◆ INSTRUCTIONS TO FOLLOW: Would you set down the data below exactly as shown?

════════════════

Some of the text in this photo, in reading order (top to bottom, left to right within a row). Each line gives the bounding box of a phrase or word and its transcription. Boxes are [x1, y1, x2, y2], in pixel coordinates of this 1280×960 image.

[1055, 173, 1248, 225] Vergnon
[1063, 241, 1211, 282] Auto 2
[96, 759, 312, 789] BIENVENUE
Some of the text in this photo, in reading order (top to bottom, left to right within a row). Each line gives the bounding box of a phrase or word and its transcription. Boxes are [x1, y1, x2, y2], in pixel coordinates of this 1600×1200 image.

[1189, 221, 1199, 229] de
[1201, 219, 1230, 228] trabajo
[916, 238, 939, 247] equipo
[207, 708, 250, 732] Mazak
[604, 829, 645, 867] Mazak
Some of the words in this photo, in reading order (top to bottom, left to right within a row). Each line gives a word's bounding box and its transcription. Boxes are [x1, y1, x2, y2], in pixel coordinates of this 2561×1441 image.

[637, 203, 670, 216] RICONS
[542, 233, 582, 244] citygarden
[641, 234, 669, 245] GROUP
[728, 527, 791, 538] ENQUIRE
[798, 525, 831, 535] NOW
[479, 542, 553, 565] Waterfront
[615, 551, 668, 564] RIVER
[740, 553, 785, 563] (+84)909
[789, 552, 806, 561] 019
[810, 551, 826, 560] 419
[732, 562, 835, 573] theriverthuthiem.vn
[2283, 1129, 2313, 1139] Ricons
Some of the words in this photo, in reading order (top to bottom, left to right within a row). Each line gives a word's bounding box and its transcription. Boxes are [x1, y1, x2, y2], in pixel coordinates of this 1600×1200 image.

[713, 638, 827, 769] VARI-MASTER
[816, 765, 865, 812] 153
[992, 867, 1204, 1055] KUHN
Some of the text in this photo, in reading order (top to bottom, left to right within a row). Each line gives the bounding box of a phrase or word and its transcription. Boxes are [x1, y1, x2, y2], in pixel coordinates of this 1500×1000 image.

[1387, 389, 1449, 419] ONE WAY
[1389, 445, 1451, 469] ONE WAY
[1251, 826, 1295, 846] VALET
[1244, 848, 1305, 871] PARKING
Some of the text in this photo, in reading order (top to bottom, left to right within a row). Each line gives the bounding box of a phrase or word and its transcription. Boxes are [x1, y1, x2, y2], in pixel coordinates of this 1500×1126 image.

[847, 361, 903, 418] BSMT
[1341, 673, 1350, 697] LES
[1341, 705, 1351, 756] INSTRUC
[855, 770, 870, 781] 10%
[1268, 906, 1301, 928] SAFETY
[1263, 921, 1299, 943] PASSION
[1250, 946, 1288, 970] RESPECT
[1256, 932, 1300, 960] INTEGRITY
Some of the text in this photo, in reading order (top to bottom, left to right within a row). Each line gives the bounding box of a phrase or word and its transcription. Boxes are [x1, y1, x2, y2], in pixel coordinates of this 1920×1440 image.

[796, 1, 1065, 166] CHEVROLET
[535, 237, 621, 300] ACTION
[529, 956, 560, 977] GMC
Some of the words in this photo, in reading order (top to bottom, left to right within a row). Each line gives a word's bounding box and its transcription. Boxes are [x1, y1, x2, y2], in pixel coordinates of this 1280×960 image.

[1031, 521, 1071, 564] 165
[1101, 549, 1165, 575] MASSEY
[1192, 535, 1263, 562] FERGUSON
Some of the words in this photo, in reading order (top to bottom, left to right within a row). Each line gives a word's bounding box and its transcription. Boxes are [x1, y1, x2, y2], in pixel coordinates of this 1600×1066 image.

════════════════

◆ ANSWER BOX:
Some of the text in this photo, in reading order (top to bottom, left to right within a row). Each line gives the bounding box of a phrase or word and its transcription. Boxes are [x1, y1, x2, y2], in pixel coordinates of this 1280×960 image.

[1055, 173, 1248, 225] Vergnon
[1063, 241, 1211, 282] Auto 2
[96, 759, 312, 789] BIENVENUE
Some of the text in this photo, in reading order (top to bottom, left to right within a row). Each line gives the bounding box of a phrase or word and its transcription. Boxes are [x1, y1, x2, y2], in pixel coordinates of this 1600×1200 image.

[1189, 221, 1199, 229] de
[1201, 219, 1230, 228] trabajo
[916, 238, 939, 247] equipo
[207, 708, 250, 732] Mazak
[604, 829, 645, 867] Mazak
Some of the words in this photo, in reading order (top to bottom, left to right within a row). Each line gives a word's bounding box and its transcription. Boxes are [x1, y1, x2, y2], in pixel coordinates of this 2561×1441 image.

[637, 203, 670, 216] RICONS
[542, 233, 582, 244] citygarden
[641, 234, 669, 245] GROUP
[728, 527, 791, 538] ENQUIRE
[798, 525, 831, 535] NOW
[479, 542, 553, 565] Waterfront
[615, 551, 668, 564] RIVER
[740, 553, 785, 563] (+84)909
[789, 552, 806, 561] 019
[810, 551, 826, 560] 419
[732, 562, 835, 573] theriverthuthiem.vn
[2283, 1129, 2313, 1139] Ricons
Some of the words in this photo, in reading order (top to bottom, left to right within a row). Each line gives a word's bounding box and its transcription. Boxes are [x1, y1, x2, y2], in pixel coordinates of this 1600×1200 image.

[713, 638, 827, 769] VARI-MASTER
[816, 765, 865, 812] 153
[992, 867, 1204, 1055] KUHN
Some of the text in this photo, in reading order (top to bottom, left to right within a row). Each line gives the bounding box of a phrase or word and its transcription. Boxes are [x1, y1, x2, y2], in pixel coordinates of this 1500×1000 image.

[1387, 389, 1449, 419] ONE WAY
[1389, 445, 1451, 469] ONE WAY
[1251, 826, 1295, 846] VALET
[1244, 848, 1305, 871] PARKING
Some of the text in this photo, in reading order (top to bottom, left to right within a row). Each line gives the bounding box of a phrase or word and its transcription. Boxes are [x1, y1, x2, y2], in pixel coordinates of this 1500×1126 image.

[847, 361, 903, 418] BSMT
[1341, 673, 1350, 697] LES
[1341, 705, 1351, 756] INSTRUC
[855, 770, 870, 781] 10%
[1268, 906, 1301, 928] SAFETY
[1263, 921, 1299, 943] PASSION
[1250, 946, 1288, 970] RESPECT
[1256, 932, 1300, 960] INTEGRITY
Some of the text in this photo, in reading order (top to bottom, left to right within a row). Each line gives the bounding box of a phrase or word and its transcription. Boxes are [x1, y1, x2, y2], in pixel coordinates of this 1920×1440 image.

[796, 1, 1065, 166] CHEVROLET
[535, 237, 621, 300] ACTION
[529, 956, 560, 977] GMC
Some of the words in this photo, in reading order (top to bottom, left to right within a row). Each line gives a word's bounding box and its transcription. Boxes are [x1, y1, x2, y2], in pixel coordinates of this 1280×960 image.

[1031, 521, 1071, 564] 165
[1101, 549, 1165, 575] MASSEY
[1192, 535, 1263, 562] FERGUSON
Some of the words in this photo, in reading order (top to bottom, left to right within a row). Each line gives a word's bounding box and its transcription. Boxes are [x1, y1, x2, y2], in pixel coordinates of this 1600×1066 image.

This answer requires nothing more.